PROBLEM TO WORK ON »
Produce again, without any change, the lines running from the one with "this 1288×966 image." through the final line of the data below, and only those.

MATERIAL TO PROCESS »
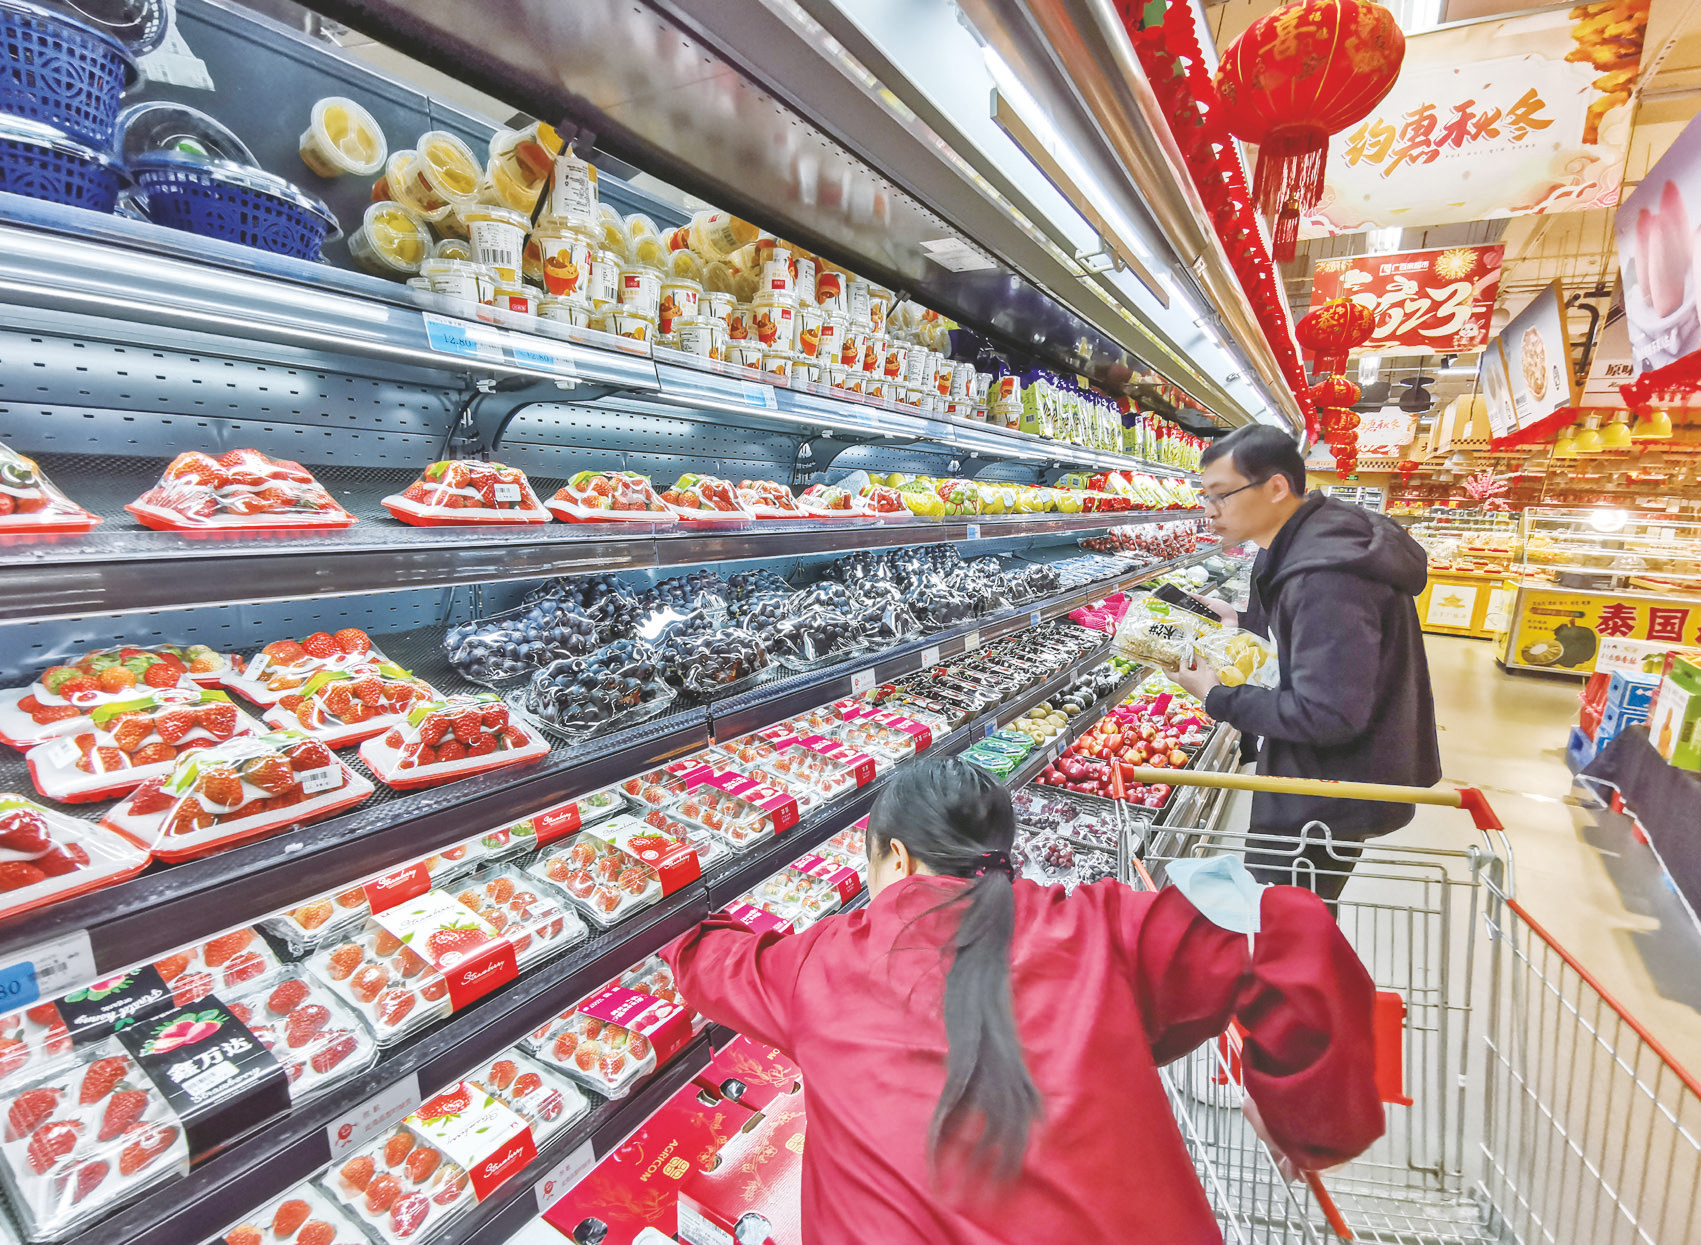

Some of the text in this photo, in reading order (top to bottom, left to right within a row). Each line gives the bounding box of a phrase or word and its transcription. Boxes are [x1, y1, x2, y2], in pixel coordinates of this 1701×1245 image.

[1341, 87, 1556, 178] 约惠秋冬
[443, 333, 472, 348] 12.80
[1594, 602, 1701, 644] 泰国
[376, 868, 417, 889] Strawberry
[461, 959, 505, 985] Strawberry
[166, 1036, 254, 1083] 鑫万达
[483, 1144, 524, 1179] Strawberry
[640, 1138, 679, 1182] AGRICOM
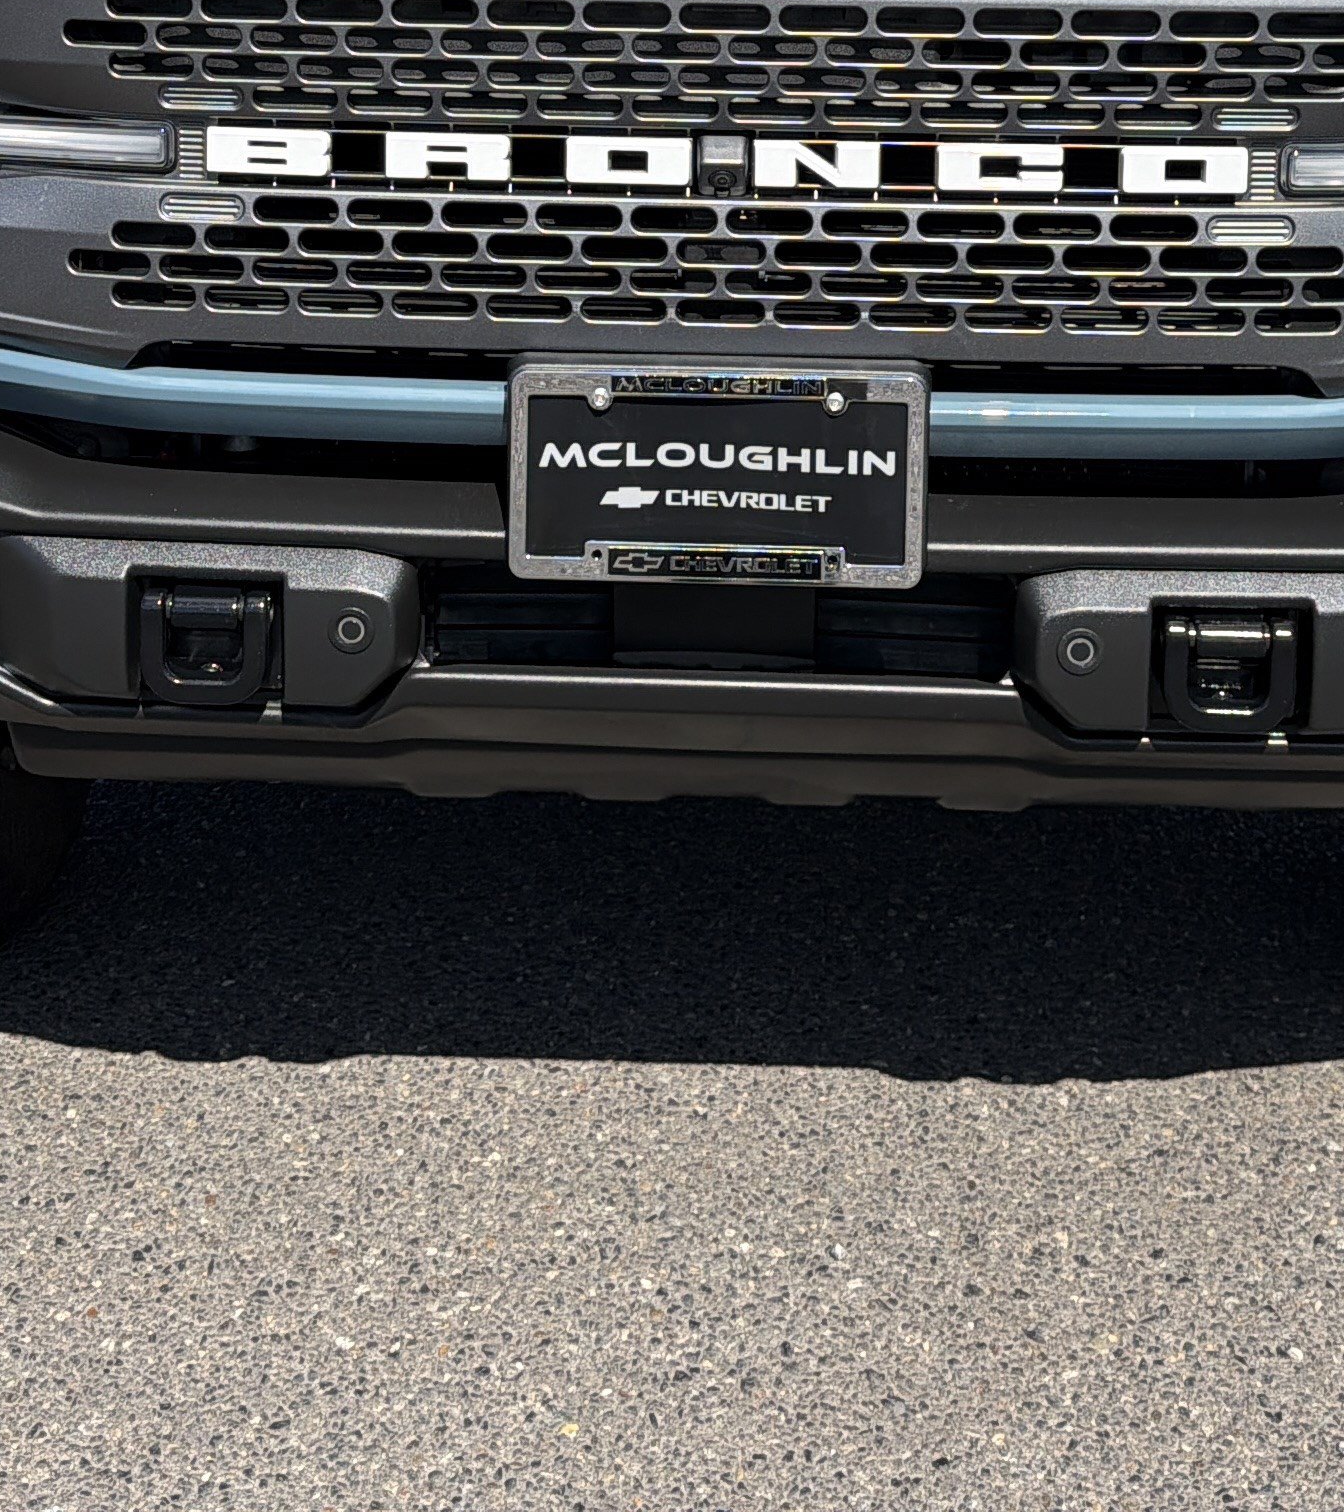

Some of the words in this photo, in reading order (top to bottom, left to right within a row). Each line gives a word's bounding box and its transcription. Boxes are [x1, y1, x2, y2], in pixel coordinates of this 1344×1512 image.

[205, 125, 1250, 196] BRONCO
[615, 375, 823, 396] MCLOUGHLIN
[538, 441, 897, 477] MCLOUGHLIN
[664, 488, 833, 514] CHEVROLET
[668, 556, 817, 576] CHEVROLET
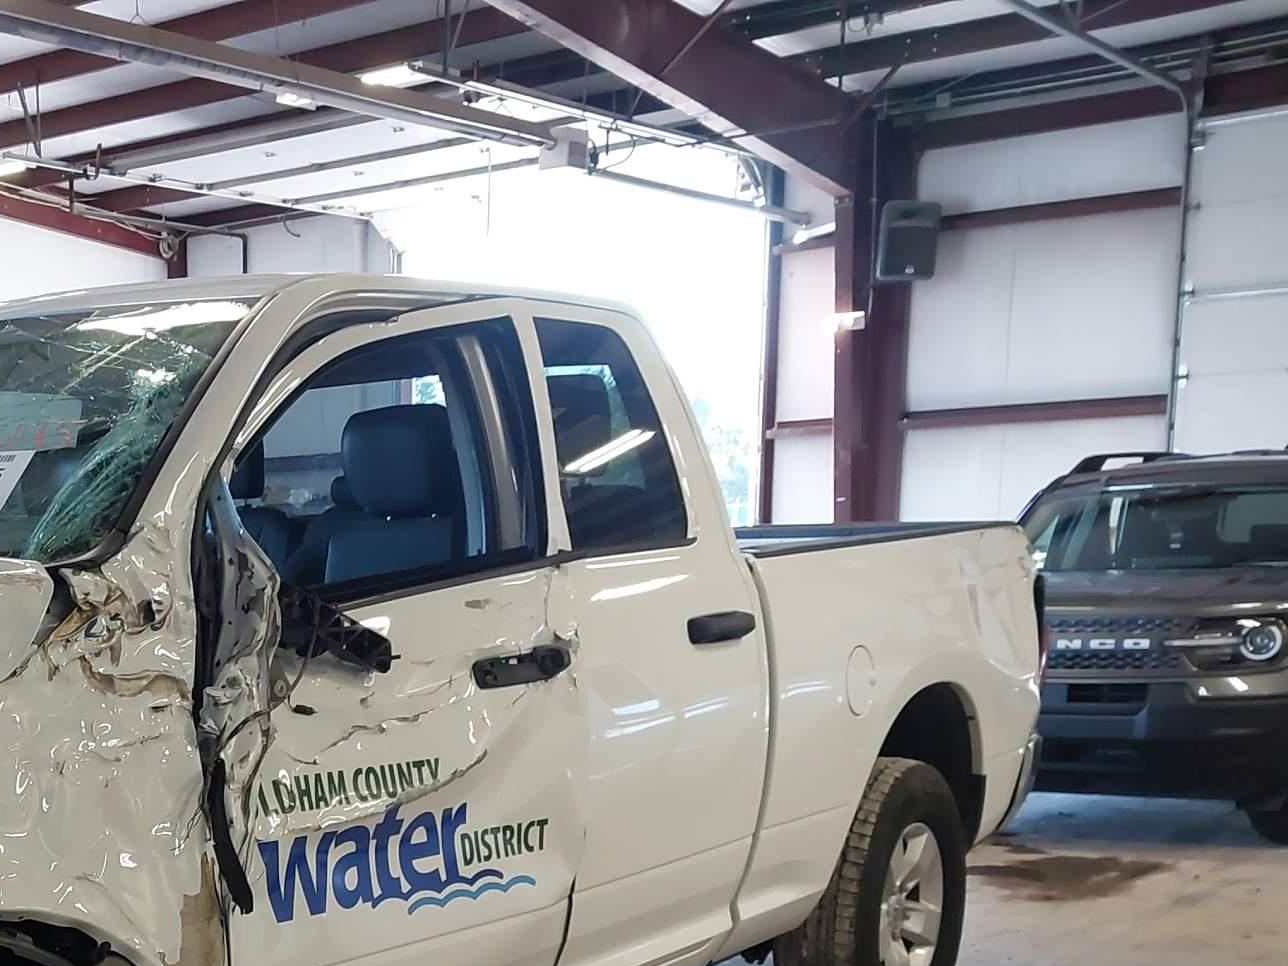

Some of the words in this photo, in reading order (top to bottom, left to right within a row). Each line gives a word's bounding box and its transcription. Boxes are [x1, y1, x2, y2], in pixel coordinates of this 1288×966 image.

[1056, 638, 1151, 650] NCO
[258, 769, 352, 817] LDHAM
[352, 757, 440, 803] COUNTY
[461, 818, 549, 867] DISTRICT

YOUR RESPONSE »
Some of the words in this photo, in reading order (top to bottom, left to right within a row). Each line gives a word's bounding box and its transcription. Boxes are [x1, y1, x2, y2], in pixel coordinates of this 1288×966 image.

[1056, 638, 1151, 650] NCO
[258, 769, 352, 817] LDHAM
[352, 757, 440, 803] COUNTY
[461, 818, 549, 867] DISTRICT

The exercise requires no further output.